Goal of the exercise ::
Every line of the records must be repeated exactly; pictures stay out.

Provided records: Begin

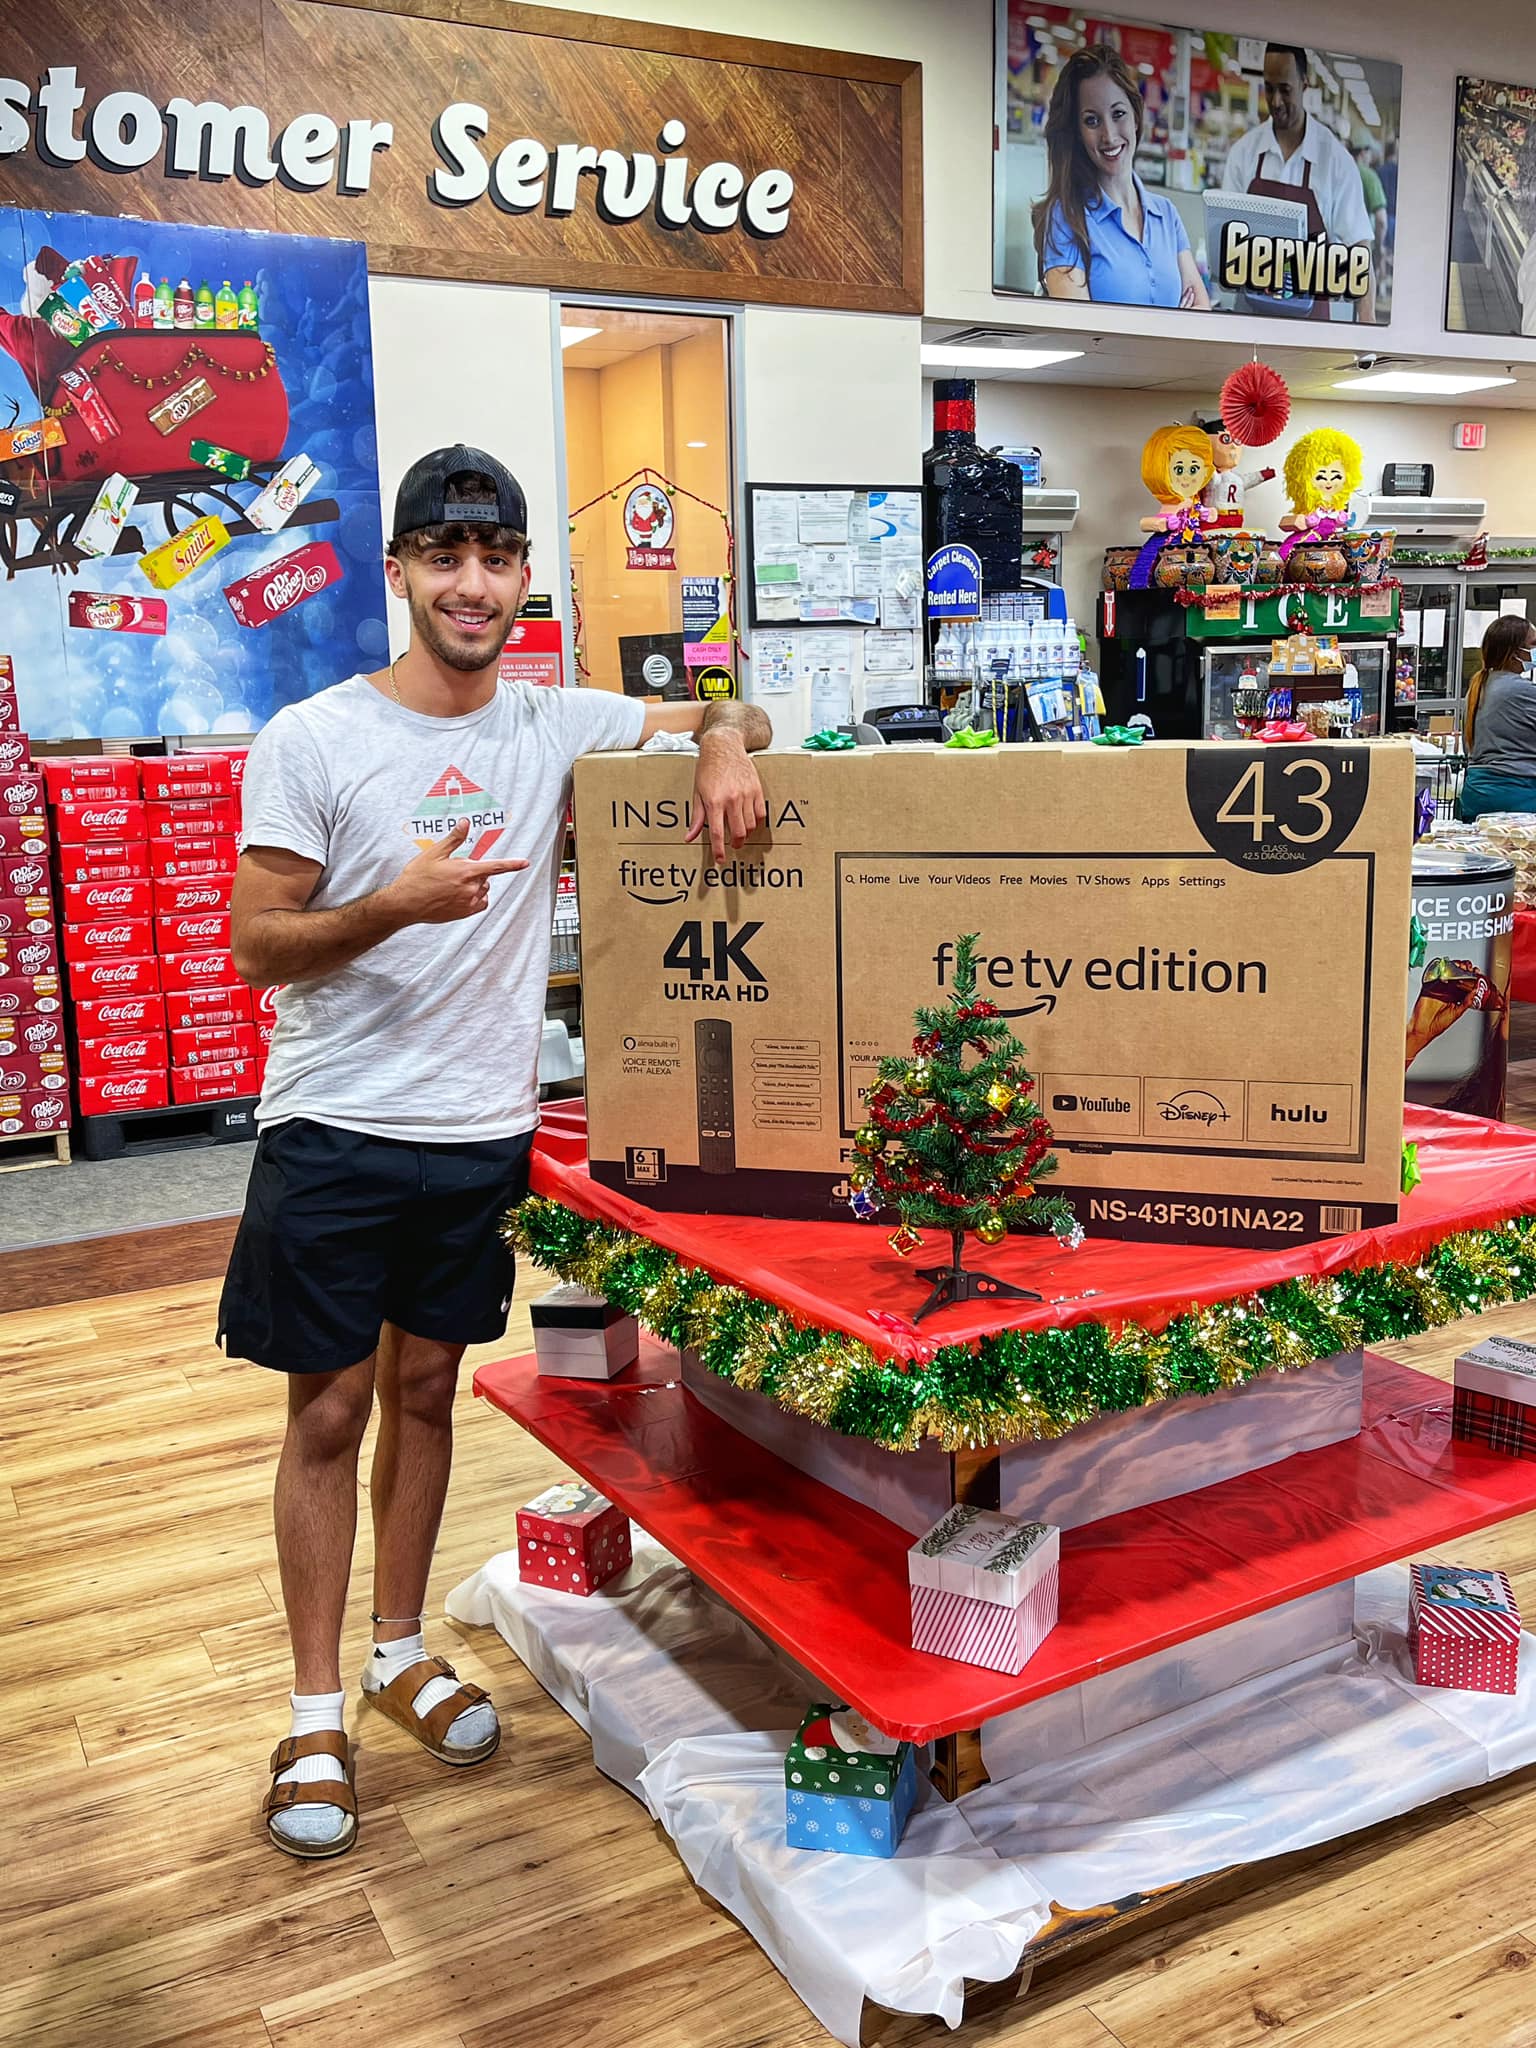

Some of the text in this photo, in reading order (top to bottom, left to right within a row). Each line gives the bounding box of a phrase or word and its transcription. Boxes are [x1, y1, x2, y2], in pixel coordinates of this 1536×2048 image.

[432, 102, 795, 236] Service
[1224, 221, 1370, 297] Service
[1463, 425, 1483, 446] EXIT
[1227, 484, 1237, 503] R
[174, 525, 215, 572] Squirt
[927, 551, 949, 580] Carpet
[952, 550, 979, 579] Cleaners
[274, 570, 290, 587] Dr
[264, 572, 301, 611] Pepper
[683, 586, 715, 597] FINAL
[928, 589, 977, 605] Rented Here
[88, 610, 123, 622] CANADA
[1242, 591, 1348, 629] ICE
[98, 617, 115, 627] DRY
[412, 811, 504, 834] THE PRCH
[612, 800, 806, 829] INSIIA
[1243, 852, 1306, 861] 42.5 DIAGONAL
[1262, 844, 1288, 852] CLASS
[703, 861, 803, 888] edition
[860, 875, 1226, 888] Home Live Your Videos Free Movies TV Shows Apps Settings
[1411, 893, 1506, 917] ICE COLD
[663, 921, 769, 982] 4K
[1085, 946, 1267, 993] edition
[664, 983, 769, 1002] ULTRA HD
[622, 1058, 681, 1067] VOICE REMOTE
[622, 1066, 672, 1075] WITH ALEXA
[6, 1077, 17, 1085] 23
[1079, 1096, 1131, 1113] YouTube
[1157, 1098, 1231, 1127] Disney+
[1271, 1104, 1328, 1124] hulu
[636, 1151, 645, 1163] 6
[1090, 1200, 1304, 1233] NS-43F301NA22
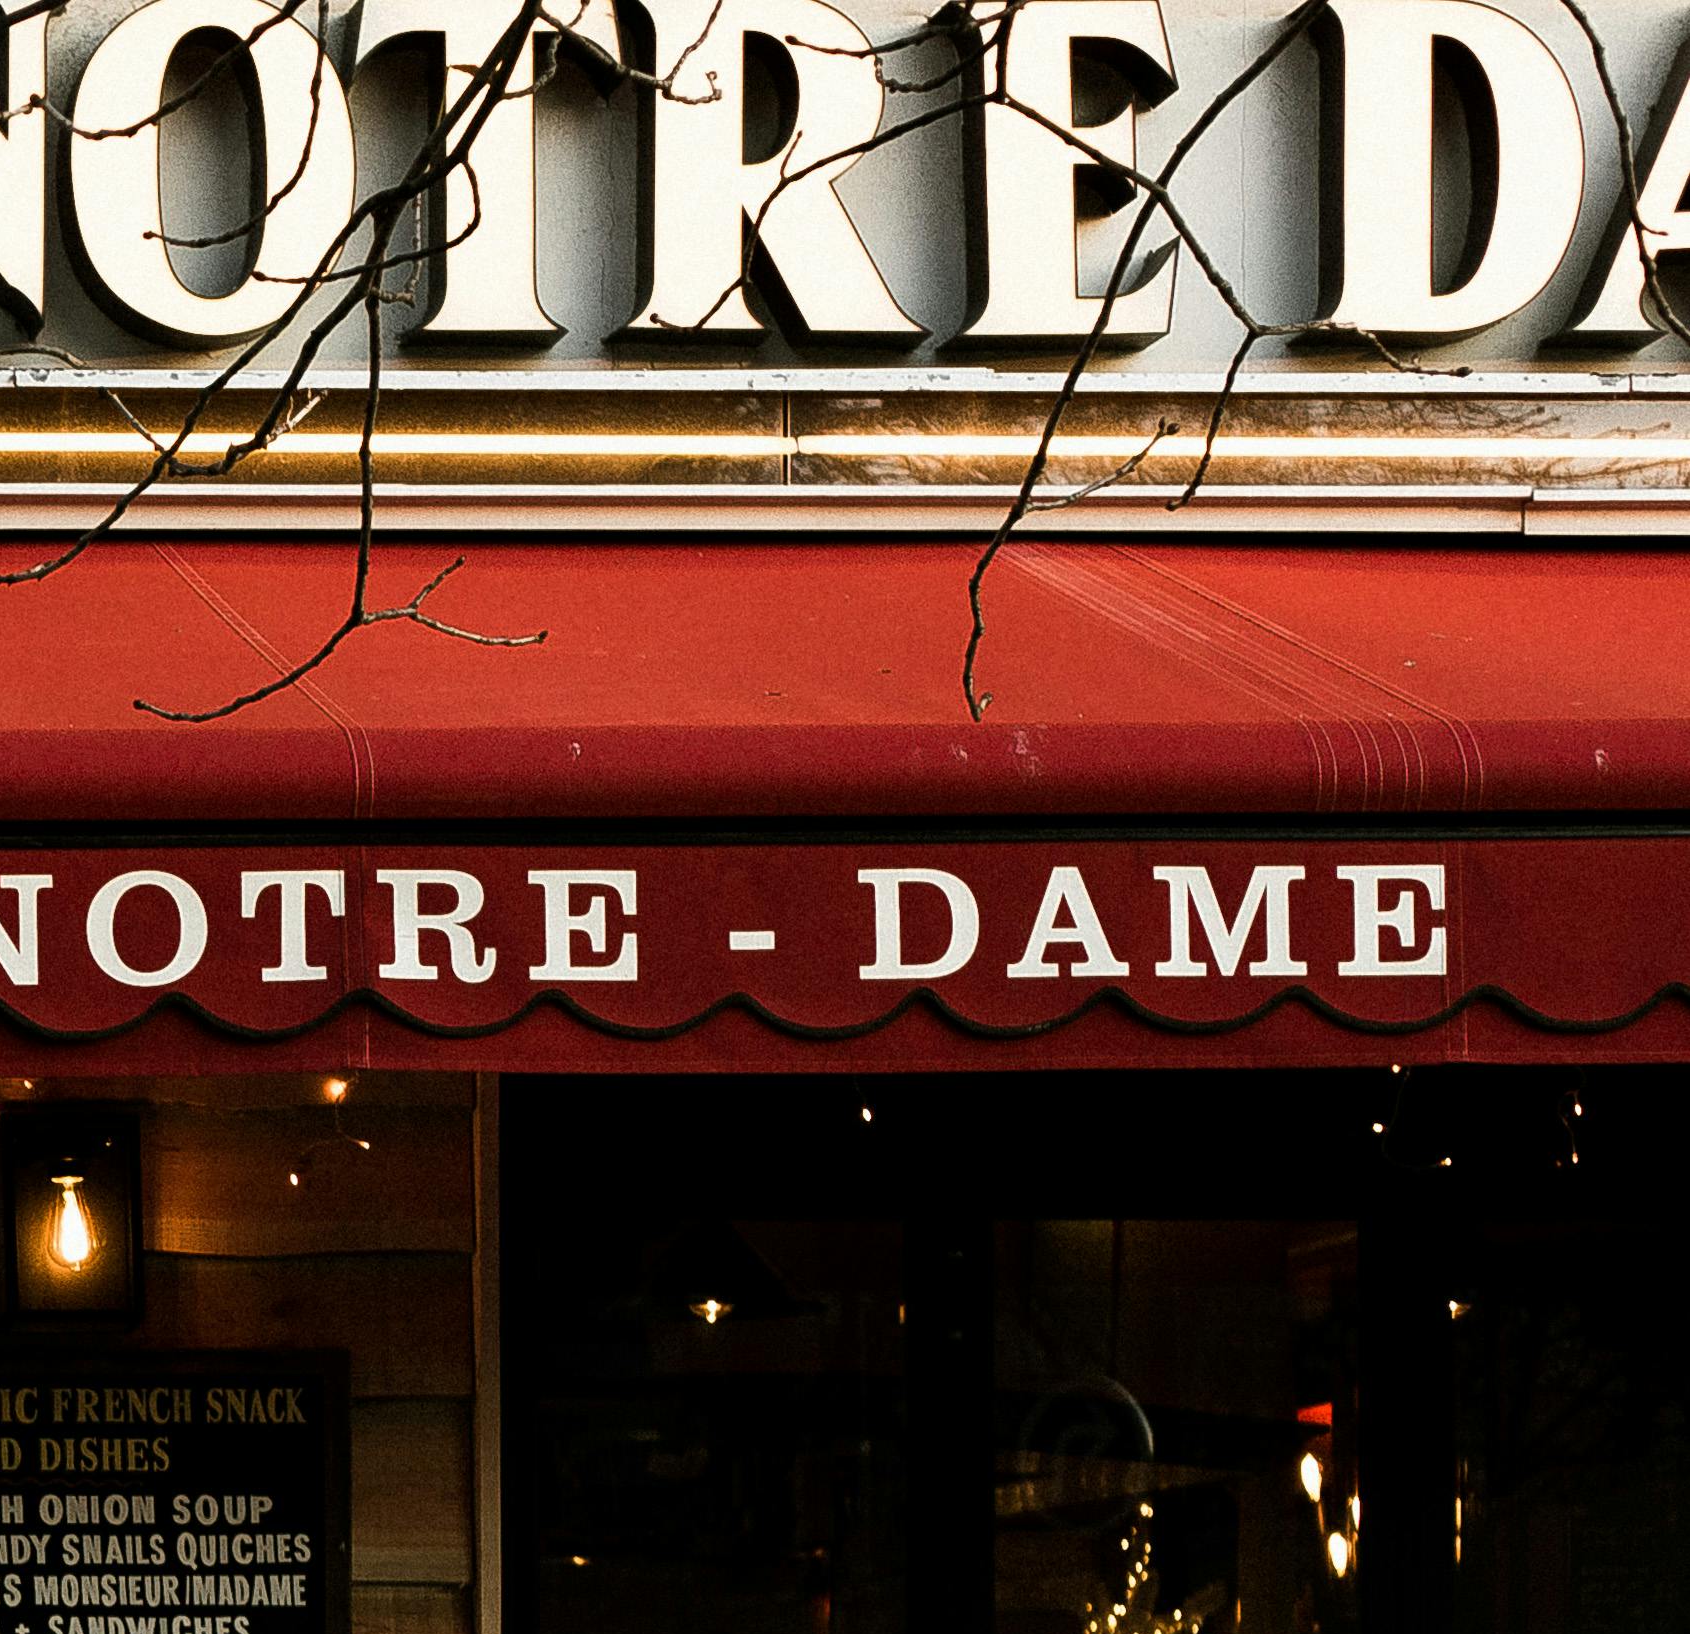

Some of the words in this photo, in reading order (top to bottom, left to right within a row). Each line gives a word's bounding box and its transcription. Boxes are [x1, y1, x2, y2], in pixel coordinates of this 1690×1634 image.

[857, 864, 1447, 977] DAME
[52, 1387, 192, 1425] FRENCH
[206, 1387, 306, 1424] SNACK
[39, 1437, 170, 1472] DISHES
[38, 1493, 156, 1526] ONION
[172, 1494, 273, 1526] SOUP
[61, 1533, 166, 1566] SNAILS
[176, 1531, 312, 1571] QUICHES

Provided records: End

Response ::
Some of the text in this photo, in reading order (top to bottom, left to right within a row). Each line gives the bounding box of a phrase or word and its transcription. Boxes are [x1, y1, x2, y2], in pixel coordinates of this 1536×2048 image.

[432, 102, 795, 236] Service
[1224, 221, 1370, 297] Service
[1463, 425, 1483, 446] EXIT
[1227, 484, 1237, 503] R
[174, 525, 215, 572] Squirt
[927, 551, 949, 580] Carpet
[952, 550, 979, 579] Cleaners
[274, 570, 290, 587] Dr
[264, 572, 301, 611] Pepper
[683, 586, 715, 597] FINAL
[928, 589, 977, 605] Rented Here
[88, 610, 123, 622] CANADA
[1242, 591, 1348, 629] ICE
[98, 617, 115, 627] DRY
[412, 811, 504, 834] THE PRCH
[612, 800, 806, 829] INSIIA
[1243, 852, 1306, 861] 42.5 DIAGONAL
[1262, 844, 1288, 852] CLASS
[703, 861, 803, 888] edition
[860, 875, 1226, 888] Home Live Your Videos Free Movies TV Shows Apps Settings
[1411, 893, 1506, 917] ICE COLD
[663, 921, 769, 982] 4K
[1085, 946, 1267, 993] edition
[664, 983, 769, 1002] ULTRA HD
[622, 1058, 681, 1067] VOICE REMOTE
[622, 1066, 672, 1075] WITH ALEXA
[6, 1077, 17, 1085] 23
[1079, 1096, 1131, 1113] YouTube
[1157, 1098, 1231, 1127] Disney+
[1271, 1104, 1328, 1124] hulu
[636, 1151, 645, 1163] 6
[1090, 1200, 1304, 1233] NS-43F301NA22

Some of the words in this photo, in reading order (top to bottom, left to right within a row). Each line gives a word's bounding box and its transcription. Boxes are [x1, y1, x2, y2], in pixel coordinates of this 1690×1634 image.

[857, 864, 1447, 977] DAME
[52, 1387, 192, 1425] FRENCH
[206, 1387, 306, 1424] SNACK
[39, 1437, 170, 1472] DISHES
[38, 1493, 156, 1526] ONION
[172, 1494, 273, 1526] SOUP
[61, 1533, 166, 1566] SNAILS
[176, 1531, 312, 1571] QUICHES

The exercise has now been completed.